Cooling all those engines is always a challenge, as overheated engines are the leading cause of float breakdowns, said parade float Chairman Gary DiSano. But this year, the tournament also is looking closer at another potential overheating hazard--a driver breakdown.

Float construction Chairman Myron Yanish said every driver’s compartment this year will be equipped with an electronic temperature sensing device taking a minute-by-minute reading. The findings will be analyzed to see if more ventilation fans or cooling systems should be added for future parades.

Most of the floats in Lofthouse’s fleets will roll on tires filled with dense rubber foam so they won’t go flat. But once while convoying his floats on New Year’s Eve to the parade route 20 miles away, Rick Chapman at the Festival Artists company in Azusa, found that the foam-filled tires overheated and fell apart.
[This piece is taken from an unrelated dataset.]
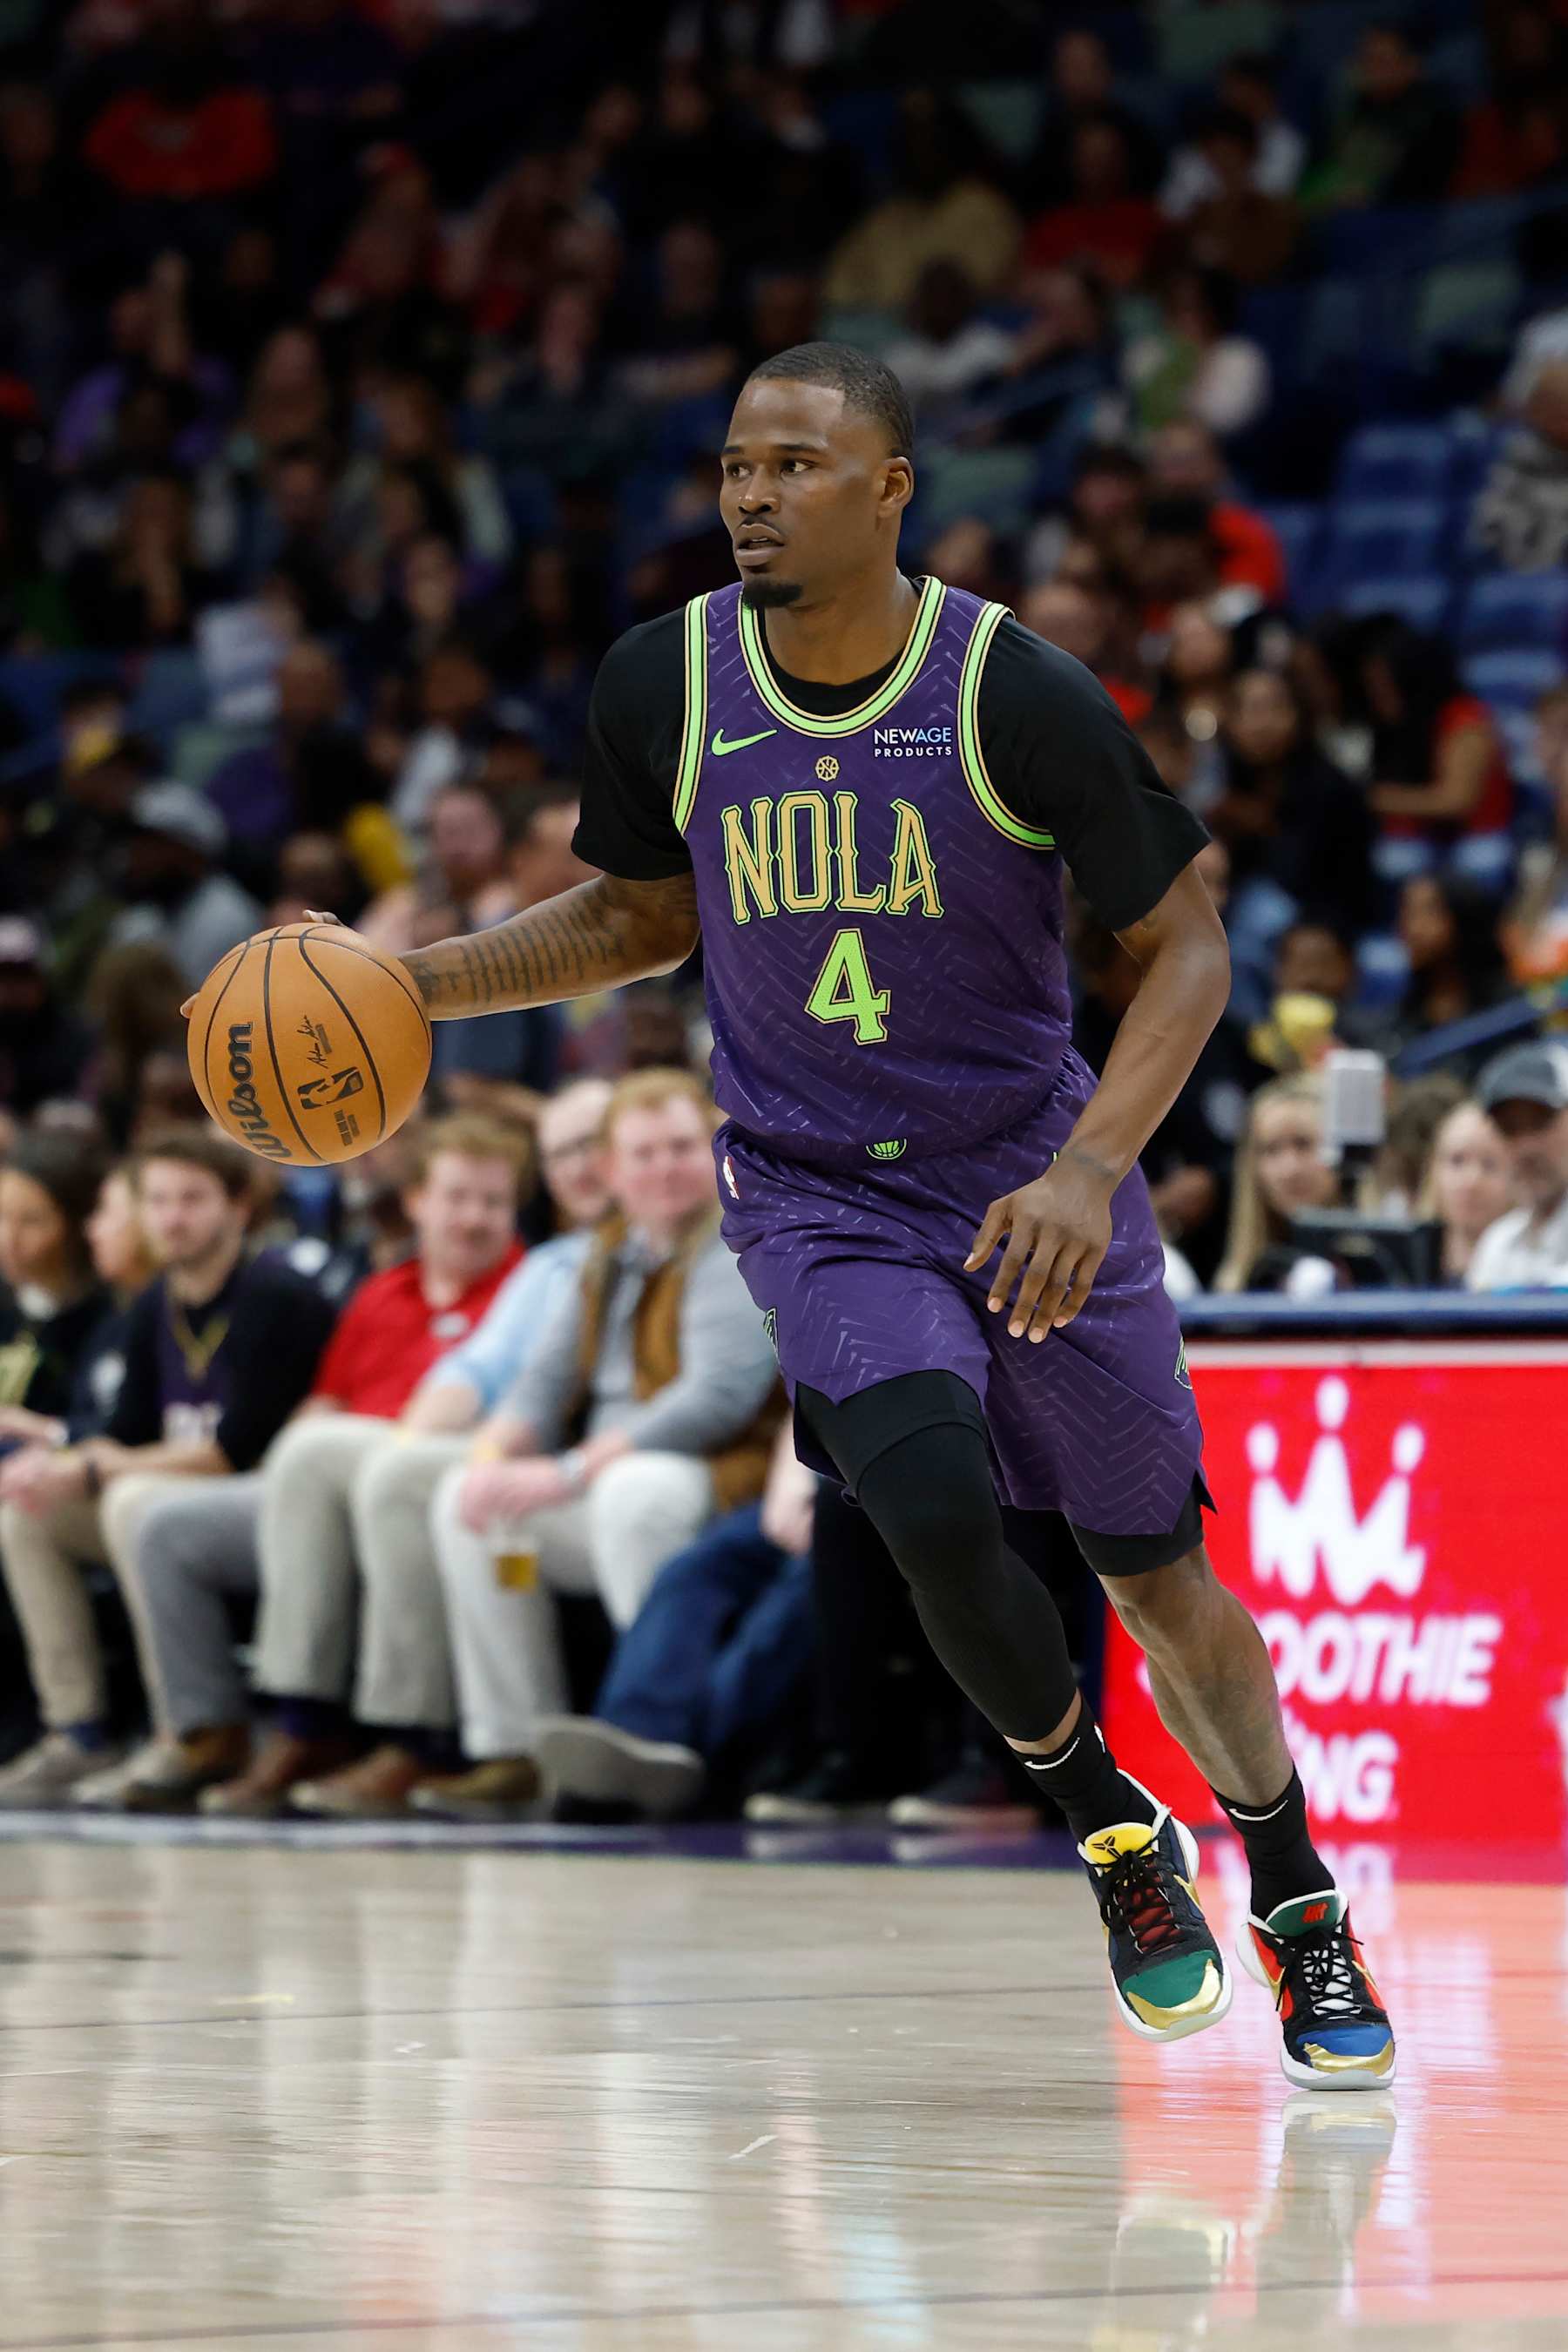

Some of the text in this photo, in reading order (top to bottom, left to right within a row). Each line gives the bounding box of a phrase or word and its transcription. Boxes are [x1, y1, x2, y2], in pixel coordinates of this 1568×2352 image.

This year he’ll just use air.

GPS Transponders Used to Track Floats

The process of convoying floats from several locations gave rise to another innovation--global positioning system transponders will be on the floats headed to the staging area, and their positions tracked on computer displays from a communications trailer.

“It used to be when it was 2 or 3 o’clock in the morning and somebody’s float wasn’t here, we’d have to go driving around looking for it in the dark,” said Yanish. “This will save a lot of time.”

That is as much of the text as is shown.